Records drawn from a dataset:

▶

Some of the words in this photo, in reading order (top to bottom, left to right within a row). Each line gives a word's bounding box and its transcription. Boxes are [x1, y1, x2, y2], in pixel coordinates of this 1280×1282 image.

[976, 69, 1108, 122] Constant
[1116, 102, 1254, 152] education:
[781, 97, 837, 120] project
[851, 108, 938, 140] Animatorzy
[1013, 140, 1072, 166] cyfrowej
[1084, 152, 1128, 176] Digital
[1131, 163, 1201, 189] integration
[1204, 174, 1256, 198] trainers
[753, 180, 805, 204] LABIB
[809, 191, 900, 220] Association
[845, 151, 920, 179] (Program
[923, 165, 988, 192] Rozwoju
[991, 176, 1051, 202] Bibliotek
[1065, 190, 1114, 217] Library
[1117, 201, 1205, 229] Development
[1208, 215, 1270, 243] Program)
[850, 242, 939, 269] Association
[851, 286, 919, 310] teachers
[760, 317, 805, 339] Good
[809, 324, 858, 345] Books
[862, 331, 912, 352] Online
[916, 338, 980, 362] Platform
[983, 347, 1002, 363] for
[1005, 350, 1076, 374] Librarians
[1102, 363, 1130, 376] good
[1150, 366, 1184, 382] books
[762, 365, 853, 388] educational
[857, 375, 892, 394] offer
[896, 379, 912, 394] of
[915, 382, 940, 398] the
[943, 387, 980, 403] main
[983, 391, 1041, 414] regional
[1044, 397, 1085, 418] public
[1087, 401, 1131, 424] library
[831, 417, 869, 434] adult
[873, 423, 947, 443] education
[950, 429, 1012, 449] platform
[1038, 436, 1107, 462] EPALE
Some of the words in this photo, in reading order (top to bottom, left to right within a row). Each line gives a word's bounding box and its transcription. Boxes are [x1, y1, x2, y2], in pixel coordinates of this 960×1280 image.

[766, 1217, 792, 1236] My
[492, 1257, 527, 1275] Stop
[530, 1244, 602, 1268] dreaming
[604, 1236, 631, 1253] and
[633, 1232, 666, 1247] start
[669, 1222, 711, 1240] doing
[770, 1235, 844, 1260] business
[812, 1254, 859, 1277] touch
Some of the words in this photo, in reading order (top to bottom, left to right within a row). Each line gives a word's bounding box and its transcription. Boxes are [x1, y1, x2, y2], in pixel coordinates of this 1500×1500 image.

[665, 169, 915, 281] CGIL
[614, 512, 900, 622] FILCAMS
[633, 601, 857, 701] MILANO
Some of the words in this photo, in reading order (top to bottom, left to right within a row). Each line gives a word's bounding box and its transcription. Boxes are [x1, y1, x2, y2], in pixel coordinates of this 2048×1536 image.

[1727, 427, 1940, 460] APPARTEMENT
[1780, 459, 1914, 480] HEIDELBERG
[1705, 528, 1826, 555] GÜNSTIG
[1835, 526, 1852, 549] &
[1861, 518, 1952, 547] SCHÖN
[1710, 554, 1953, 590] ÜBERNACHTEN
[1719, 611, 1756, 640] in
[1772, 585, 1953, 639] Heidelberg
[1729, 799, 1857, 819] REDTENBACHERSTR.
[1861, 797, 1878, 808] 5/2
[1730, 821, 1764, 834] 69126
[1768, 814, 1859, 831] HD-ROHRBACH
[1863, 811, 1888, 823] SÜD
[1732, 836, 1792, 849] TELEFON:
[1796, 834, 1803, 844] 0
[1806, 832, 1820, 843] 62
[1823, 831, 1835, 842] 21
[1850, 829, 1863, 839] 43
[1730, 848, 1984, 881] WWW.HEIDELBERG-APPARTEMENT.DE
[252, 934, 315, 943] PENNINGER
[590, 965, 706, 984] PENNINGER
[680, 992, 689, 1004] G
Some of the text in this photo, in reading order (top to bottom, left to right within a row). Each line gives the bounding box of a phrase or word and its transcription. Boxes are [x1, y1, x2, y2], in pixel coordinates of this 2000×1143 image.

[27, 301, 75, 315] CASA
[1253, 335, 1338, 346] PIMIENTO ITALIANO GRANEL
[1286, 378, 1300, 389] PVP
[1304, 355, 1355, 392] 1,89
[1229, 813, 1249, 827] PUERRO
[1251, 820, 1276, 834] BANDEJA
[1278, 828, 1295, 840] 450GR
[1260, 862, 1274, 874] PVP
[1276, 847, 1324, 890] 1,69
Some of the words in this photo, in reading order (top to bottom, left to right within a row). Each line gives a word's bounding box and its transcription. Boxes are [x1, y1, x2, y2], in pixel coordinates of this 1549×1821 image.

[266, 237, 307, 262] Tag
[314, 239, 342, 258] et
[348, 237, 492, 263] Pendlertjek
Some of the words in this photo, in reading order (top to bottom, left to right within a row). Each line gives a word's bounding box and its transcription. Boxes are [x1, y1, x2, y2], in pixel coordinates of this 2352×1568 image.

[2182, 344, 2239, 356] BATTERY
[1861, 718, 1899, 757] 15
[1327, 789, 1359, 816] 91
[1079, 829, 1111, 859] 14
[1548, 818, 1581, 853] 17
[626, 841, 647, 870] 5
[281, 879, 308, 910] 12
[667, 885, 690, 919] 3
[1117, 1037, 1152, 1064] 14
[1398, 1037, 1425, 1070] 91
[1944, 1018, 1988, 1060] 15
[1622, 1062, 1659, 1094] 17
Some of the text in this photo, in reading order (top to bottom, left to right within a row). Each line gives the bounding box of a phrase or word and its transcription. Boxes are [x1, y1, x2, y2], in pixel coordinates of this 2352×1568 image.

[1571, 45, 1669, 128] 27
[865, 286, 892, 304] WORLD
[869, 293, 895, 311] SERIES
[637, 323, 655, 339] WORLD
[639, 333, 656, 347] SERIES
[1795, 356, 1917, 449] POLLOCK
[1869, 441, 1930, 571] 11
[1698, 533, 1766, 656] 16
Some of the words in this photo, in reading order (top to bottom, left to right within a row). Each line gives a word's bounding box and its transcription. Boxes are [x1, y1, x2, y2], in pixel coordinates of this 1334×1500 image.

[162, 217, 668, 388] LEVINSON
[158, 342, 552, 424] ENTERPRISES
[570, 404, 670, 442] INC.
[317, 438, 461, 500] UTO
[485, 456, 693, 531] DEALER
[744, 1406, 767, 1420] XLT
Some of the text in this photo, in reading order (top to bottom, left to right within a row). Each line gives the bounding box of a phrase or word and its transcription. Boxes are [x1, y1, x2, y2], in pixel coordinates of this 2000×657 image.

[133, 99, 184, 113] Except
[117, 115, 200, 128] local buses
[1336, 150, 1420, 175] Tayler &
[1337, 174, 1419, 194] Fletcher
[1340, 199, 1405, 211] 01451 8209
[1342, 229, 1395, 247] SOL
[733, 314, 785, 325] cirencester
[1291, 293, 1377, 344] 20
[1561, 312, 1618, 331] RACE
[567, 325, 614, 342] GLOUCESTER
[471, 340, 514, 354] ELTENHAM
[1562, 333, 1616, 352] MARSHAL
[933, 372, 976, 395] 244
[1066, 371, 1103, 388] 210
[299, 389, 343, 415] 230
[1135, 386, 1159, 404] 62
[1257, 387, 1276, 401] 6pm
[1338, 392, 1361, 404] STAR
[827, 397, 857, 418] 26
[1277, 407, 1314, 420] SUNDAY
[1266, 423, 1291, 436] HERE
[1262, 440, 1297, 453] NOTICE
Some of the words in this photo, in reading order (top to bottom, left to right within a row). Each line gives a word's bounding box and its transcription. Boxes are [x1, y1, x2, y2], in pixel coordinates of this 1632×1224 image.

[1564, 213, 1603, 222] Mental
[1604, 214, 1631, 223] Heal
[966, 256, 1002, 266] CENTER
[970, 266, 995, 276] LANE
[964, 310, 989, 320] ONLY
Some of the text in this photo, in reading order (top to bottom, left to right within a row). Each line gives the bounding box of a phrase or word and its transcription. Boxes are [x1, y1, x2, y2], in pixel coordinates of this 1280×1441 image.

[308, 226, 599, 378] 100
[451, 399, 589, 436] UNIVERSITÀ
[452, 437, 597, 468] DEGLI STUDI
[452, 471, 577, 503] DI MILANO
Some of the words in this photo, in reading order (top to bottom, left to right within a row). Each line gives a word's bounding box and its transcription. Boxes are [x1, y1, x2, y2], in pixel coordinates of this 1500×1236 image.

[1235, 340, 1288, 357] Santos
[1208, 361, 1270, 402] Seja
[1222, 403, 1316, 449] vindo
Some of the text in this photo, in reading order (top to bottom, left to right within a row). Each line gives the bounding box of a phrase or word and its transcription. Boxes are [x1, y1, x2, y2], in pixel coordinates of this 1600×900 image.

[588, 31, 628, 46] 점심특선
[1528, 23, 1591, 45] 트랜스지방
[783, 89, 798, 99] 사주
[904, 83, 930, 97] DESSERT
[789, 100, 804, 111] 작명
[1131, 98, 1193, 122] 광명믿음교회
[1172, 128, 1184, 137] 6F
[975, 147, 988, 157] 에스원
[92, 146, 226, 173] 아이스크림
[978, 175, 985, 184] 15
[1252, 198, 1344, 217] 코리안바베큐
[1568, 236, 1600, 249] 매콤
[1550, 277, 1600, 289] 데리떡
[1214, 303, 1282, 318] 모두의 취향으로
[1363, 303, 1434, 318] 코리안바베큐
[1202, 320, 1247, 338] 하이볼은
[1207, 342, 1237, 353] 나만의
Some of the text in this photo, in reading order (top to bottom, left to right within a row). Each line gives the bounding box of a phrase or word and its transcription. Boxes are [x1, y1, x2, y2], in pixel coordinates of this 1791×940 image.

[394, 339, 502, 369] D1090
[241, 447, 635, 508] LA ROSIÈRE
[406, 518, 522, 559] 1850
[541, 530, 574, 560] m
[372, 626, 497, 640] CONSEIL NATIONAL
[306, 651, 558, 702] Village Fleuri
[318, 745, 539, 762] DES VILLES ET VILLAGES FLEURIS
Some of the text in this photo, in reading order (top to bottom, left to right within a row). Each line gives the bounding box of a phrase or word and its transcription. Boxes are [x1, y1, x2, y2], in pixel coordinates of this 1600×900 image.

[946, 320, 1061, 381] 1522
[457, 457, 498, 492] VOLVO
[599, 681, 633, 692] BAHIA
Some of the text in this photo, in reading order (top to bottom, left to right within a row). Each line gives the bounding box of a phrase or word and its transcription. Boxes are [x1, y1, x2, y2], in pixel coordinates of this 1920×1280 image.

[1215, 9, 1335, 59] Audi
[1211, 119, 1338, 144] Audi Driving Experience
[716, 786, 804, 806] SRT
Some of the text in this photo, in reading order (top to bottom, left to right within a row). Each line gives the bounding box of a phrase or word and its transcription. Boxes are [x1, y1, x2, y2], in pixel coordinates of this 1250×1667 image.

◀

Task brief:
The answer must be an exact copy of the lines from the one containing "this 1920×1280 image." through the last line of the records, both included.

Task response:
Some of the text in this photo, in reading order (top to bottom, left to right within a row). Each line gives the bounding box of a phrase or word and its transcription. Boxes are [x1, y1, x2, y2], in pixel coordinates of this 1920×1280 image.

[1215, 9, 1335, 59] Audi
[1211, 119, 1338, 144] Audi Driving Experience
[716, 786, 804, 806] SRT
Some of the text in this photo, in reading order (top to bottom, left to right within a row). Each line gives the bounding box of a phrase or word and its transcription. Boxes are [x1, y1, x2, y2], in pixel coordinates of this 1250×1667 image.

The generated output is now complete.